(no subject)
Feb. 25th, 2014 11:29 pmThe most admirable thing about the show is how well it makes particular moments fit both the least-resistance, initial interpretation of viewers who don't yet know what's really happening, and the "oh right, yeah" realization of what was actually happening when you rewatch or think back. The most admirable thing about this most admirable thing is how the "remainder" is handled, those little bits of occurrence that don't parsimoniously fit the strawman interpretation. These bits are presented as texture, as things that don't happen quite straight because life doesn't happen quite straight; they lend, very ironically, verisimilitude, the belief that we're not being imposed upon by some mind's dry design.
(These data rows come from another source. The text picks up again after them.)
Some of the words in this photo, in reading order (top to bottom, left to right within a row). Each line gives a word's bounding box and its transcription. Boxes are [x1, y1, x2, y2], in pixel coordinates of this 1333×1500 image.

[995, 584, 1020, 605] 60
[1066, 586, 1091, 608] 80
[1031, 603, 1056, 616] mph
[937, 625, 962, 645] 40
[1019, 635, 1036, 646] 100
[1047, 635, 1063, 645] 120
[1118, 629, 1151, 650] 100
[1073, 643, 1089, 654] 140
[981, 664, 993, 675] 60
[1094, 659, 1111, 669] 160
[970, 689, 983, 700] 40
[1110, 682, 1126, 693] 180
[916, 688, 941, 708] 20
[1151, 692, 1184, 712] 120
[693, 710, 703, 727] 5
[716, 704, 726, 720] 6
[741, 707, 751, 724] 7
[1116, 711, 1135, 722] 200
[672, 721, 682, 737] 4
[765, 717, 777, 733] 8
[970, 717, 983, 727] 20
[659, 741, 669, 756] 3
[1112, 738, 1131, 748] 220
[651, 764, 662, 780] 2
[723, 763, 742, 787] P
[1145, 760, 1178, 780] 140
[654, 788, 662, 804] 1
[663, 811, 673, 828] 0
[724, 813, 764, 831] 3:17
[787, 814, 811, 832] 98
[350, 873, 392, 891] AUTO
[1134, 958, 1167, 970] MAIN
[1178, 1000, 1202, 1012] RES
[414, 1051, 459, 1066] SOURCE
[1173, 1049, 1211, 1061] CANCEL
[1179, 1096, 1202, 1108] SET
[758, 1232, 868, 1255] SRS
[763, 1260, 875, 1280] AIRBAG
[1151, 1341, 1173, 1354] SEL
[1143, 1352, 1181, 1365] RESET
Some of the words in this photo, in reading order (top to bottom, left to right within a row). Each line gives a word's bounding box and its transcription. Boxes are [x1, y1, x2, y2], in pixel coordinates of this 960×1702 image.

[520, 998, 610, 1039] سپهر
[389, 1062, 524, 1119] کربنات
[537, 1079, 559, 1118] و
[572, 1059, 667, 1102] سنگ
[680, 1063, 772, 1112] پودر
Whereas in fact they're straight as hell, and we need them to be, need everything to be pertinent to a sufficiently complex final explanation. Little dialogue, few gestures can be wasted or we lose that feeling of paranoia, of the malignant organization of all happenings, that we seem to love, at least in fiction. When the most random-seeming details turn out to be consequences of a single domino fall, that's just neat, and this method neatly underlines that neat effect. We thought only some things were connected, before. But it's all of them. Is this merely the sublimity proper to plot? Because it seems related to the making of god.
no subject
Date: 2014-02-26 03:44 pm (UTC)no subject
Date: 2014-02-26 04:27 pm (UTC)I mean, there's infinite things you can do to cover stuff up. It's just so elegant here, the coverups all have such elaborate throughlines.
Maybe this is double-neat when it infects the investigators themselves. There isn't a benevolent order confronting a malevolent one, in that case - in traditional mysteries we like the double remove from victimhood, where both we and those we follow are safe. Maybe we feel less safe when our people aren't, or less innocent when they might not be?